(Phrase grounding data)
- - - -

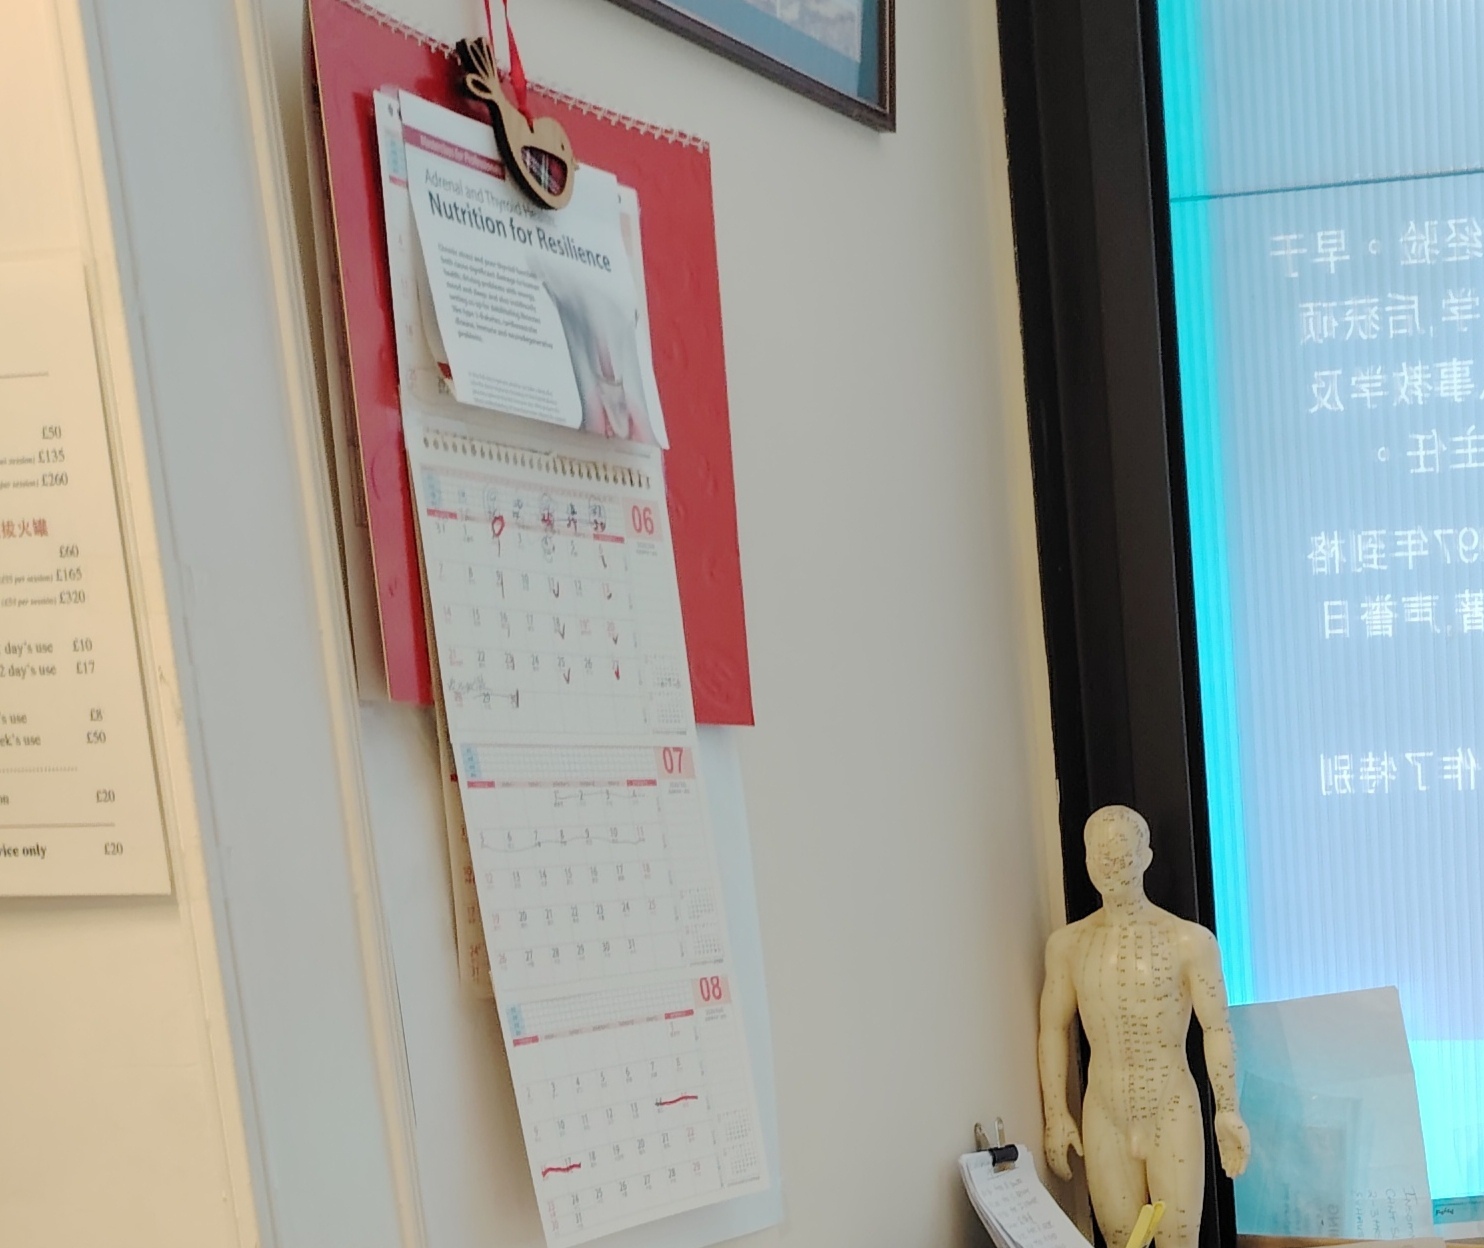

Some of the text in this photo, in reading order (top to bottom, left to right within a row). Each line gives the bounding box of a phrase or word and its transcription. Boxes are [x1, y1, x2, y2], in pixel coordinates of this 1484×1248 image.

[425, 168, 463, 196] Adrenal
[465, 186, 485, 202] and
[429, 191, 507, 240] Nutrition
[510, 217, 533, 246] for
[536, 226, 612, 272] Resilience
[42, 425, 62, 440] £50
[38, 450, 65, 464] £135
[41, 472, 69, 488] £260
[631, 504, 656, 535] 06
[56, 568, 83, 582] £165
[59, 590, 86, 605] £320
[5, 638, 93, 658] day's use £10
[8, 663, 37, 680] day's
[38, 665, 57, 676] use
[76, 661, 95, 675] £17
[10, 713, 28, 724] use
[23, 735, 41, 746] use
[87, 731, 107, 744] £50
[662, 747, 685, 775] 07
[96, 789, 116, 803] £20
[22, 843, 47, 860] only
[104, 842, 124, 856] £20
[699, 975, 723, 1002] 08
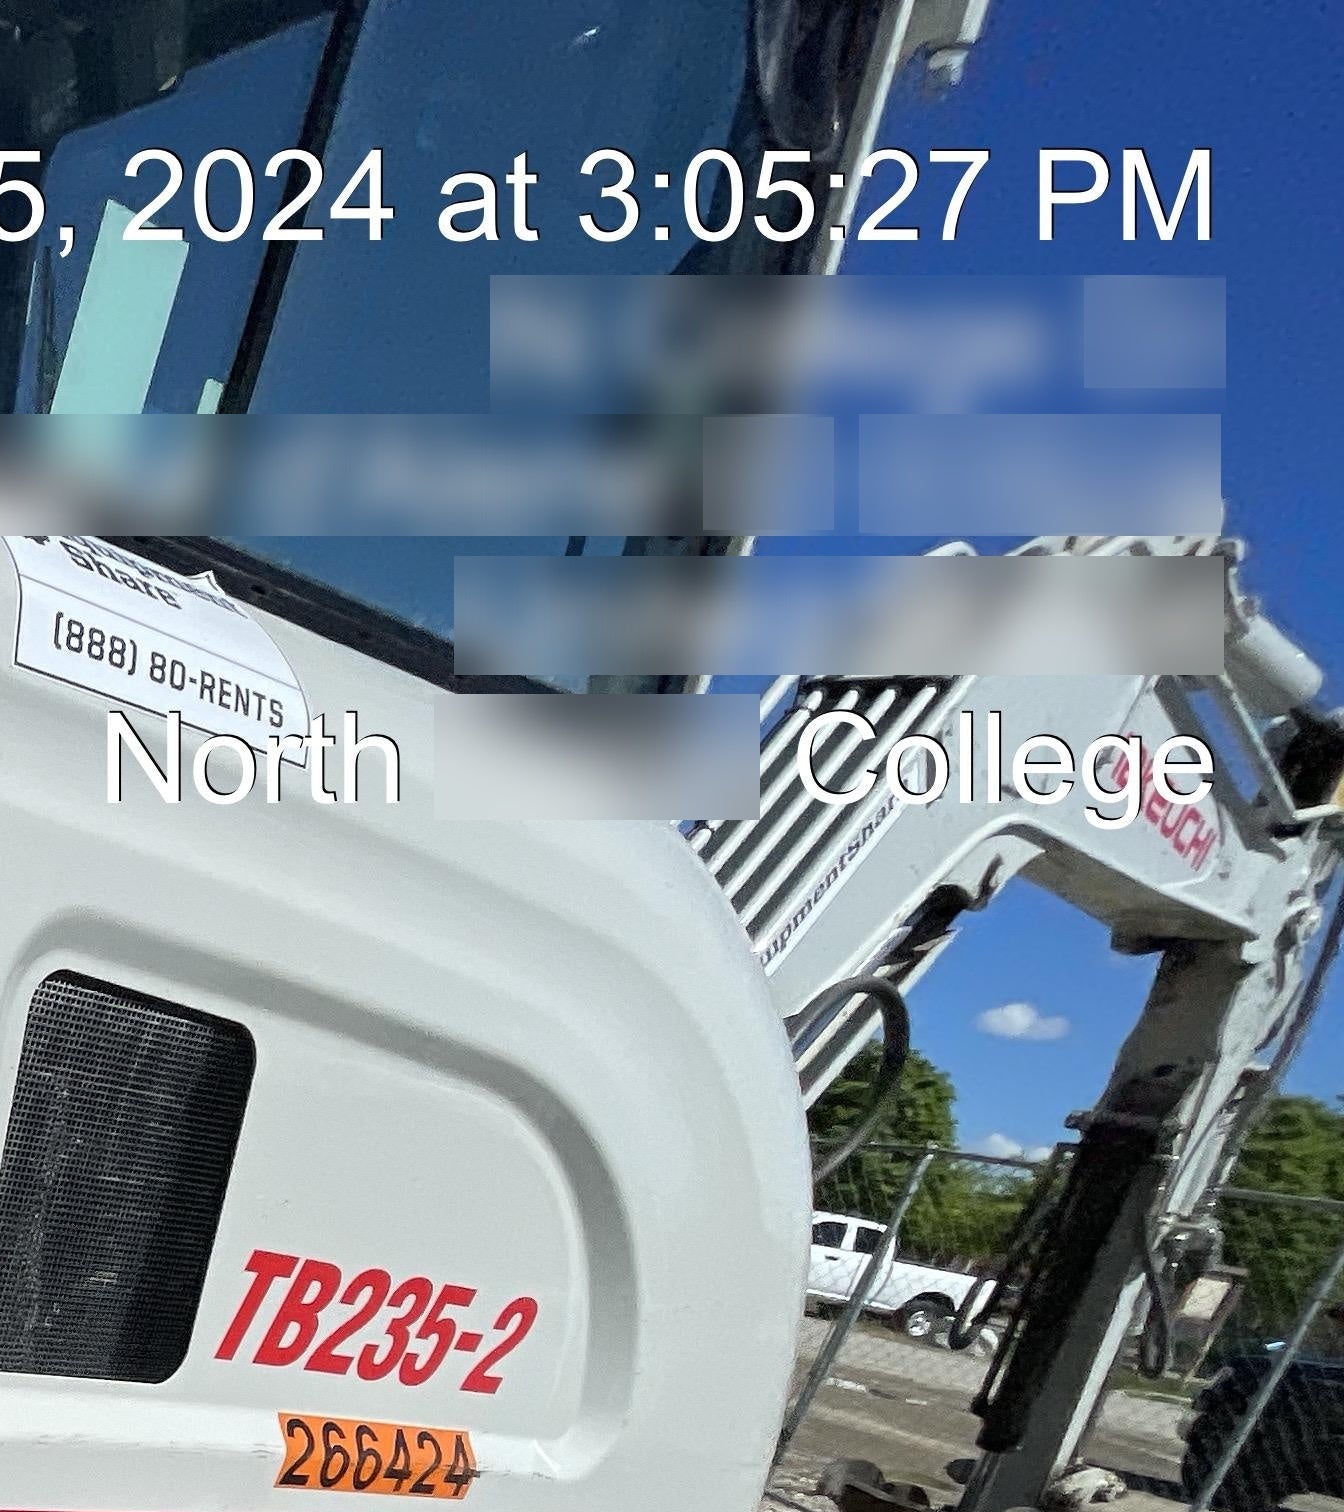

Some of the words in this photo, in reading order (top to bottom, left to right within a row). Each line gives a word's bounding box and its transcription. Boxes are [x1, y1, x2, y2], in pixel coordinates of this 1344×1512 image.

[53, 611, 138, 676] (888)
[149, 652, 285, 729] 80-RENTS
[214, 1249, 539, 1394] TB235-2
[278, 1418, 481, 1495] 266424
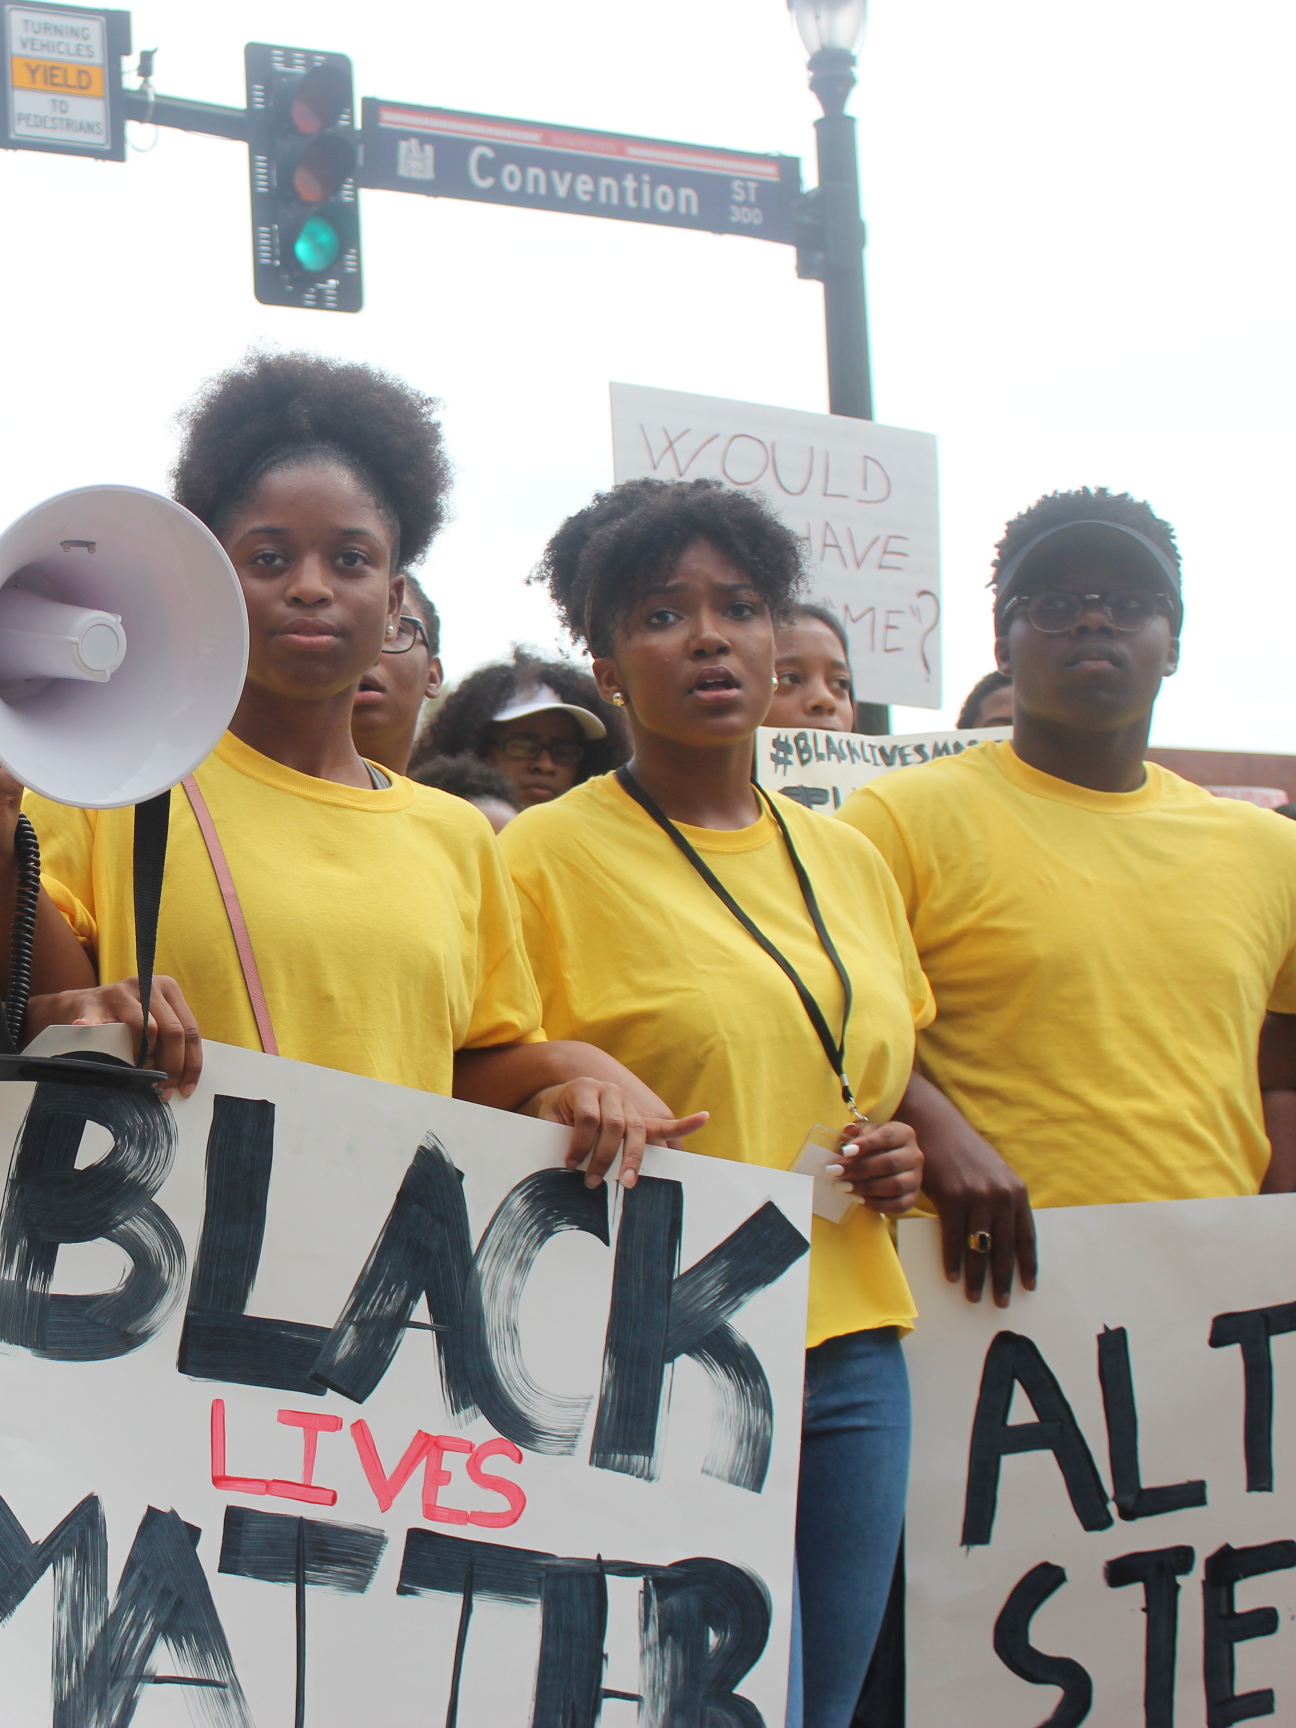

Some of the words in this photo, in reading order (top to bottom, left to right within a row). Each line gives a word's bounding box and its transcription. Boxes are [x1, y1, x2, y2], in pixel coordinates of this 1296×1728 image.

[23, 19, 91, 40] TURNING
[19, 37, 95, 58] VEHICLES
[24, 62, 93, 90] YIELD
[50, 98, 69, 114] TO
[17, 112, 103, 136] PEDESTRIANS
[467, 145, 700, 216] Convention
[730, 180, 760, 203] ST
[729, 205, 764, 226] 300
[640, 423, 891, 503] WOULD
[959, 1301, 1296, 1557] ALT
[212, 1399, 526, 1528] LIVES
[992, 1539, 1296, 1728] STE

- - - -

[Exercise prompt]:
Restate the records above exactly, less any pictures.

[Result of this exercise]:
Some of the text in this photo, in reading order (top to bottom, left to right within a row). Each line gives the bounding box of a phrase or word and its transcription. Boxes are [x1, y1, x2, y2], in pixel coordinates of this 1484×1248 image.

[425, 168, 463, 196] Adrenal
[465, 186, 485, 202] and
[429, 191, 507, 240] Nutrition
[510, 217, 533, 246] for
[536, 226, 612, 272] Resilience
[42, 425, 62, 440] £50
[38, 450, 65, 464] £135
[41, 472, 69, 488] £260
[631, 504, 656, 535] 06
[56, 568, 83, 582] £165
[59, 590, 86, 605] £320
[5, 638, 93, 658] day's use £10
[8, 663, 37, 680] day's
[38, 665, 57, 676] use
[76, 661, 95, 675] £17
[10, 713, 28, 724] use
[23, 735, 41, 746] use
[87, 731, 107, 744] £50
[662, 747, 685, 775] 07
[96, 789, 116, 803] £20
[22, 843, 47, 860] only
[104, 842, 124, 856] £20
[699, 975, 723, 1002] 08

Some of the words in this photo, in reading order (top to bottom, left to right within a row). Each line gives a word's bounding box and its transcription. Boxes are [x1, y1, x2, y2], in pixel coordinates of this 1344×1512 image.

[53, 611, 138, 676] (888)
[149, 652, 285, 729] 80-RENTS
[214, 1249, 539, 1394] TB235-2
[278, 1418, 481, 1495] 266424

Some of the words in this photo, in reading order (top to bottom, left to right within a row). Each line gives a word's bounding box and its transcription. Boxes are [x1, y1, x2, y2], in pixel coordinates of this 1296×1728 image.

[23, 19, 91, 40] TURNING
[19, 37, 95, 58] VEHICLES
[24, 62, 93, 90] YIELD
[50, 98, 69, 114] TO
[17, 112, 103, 136] PEDESTRIANS
[467, 145, 700, 216] Convention
[730, 180, 760, 203] ST
[729, 205, 764, 226] 300
[640, 423, 891, 503] WOULD
[959, 1301, 1296, 1557] ALT
[212, 1399, 526, 1528] LIVES
[992, 1539, 1296, 1728] STE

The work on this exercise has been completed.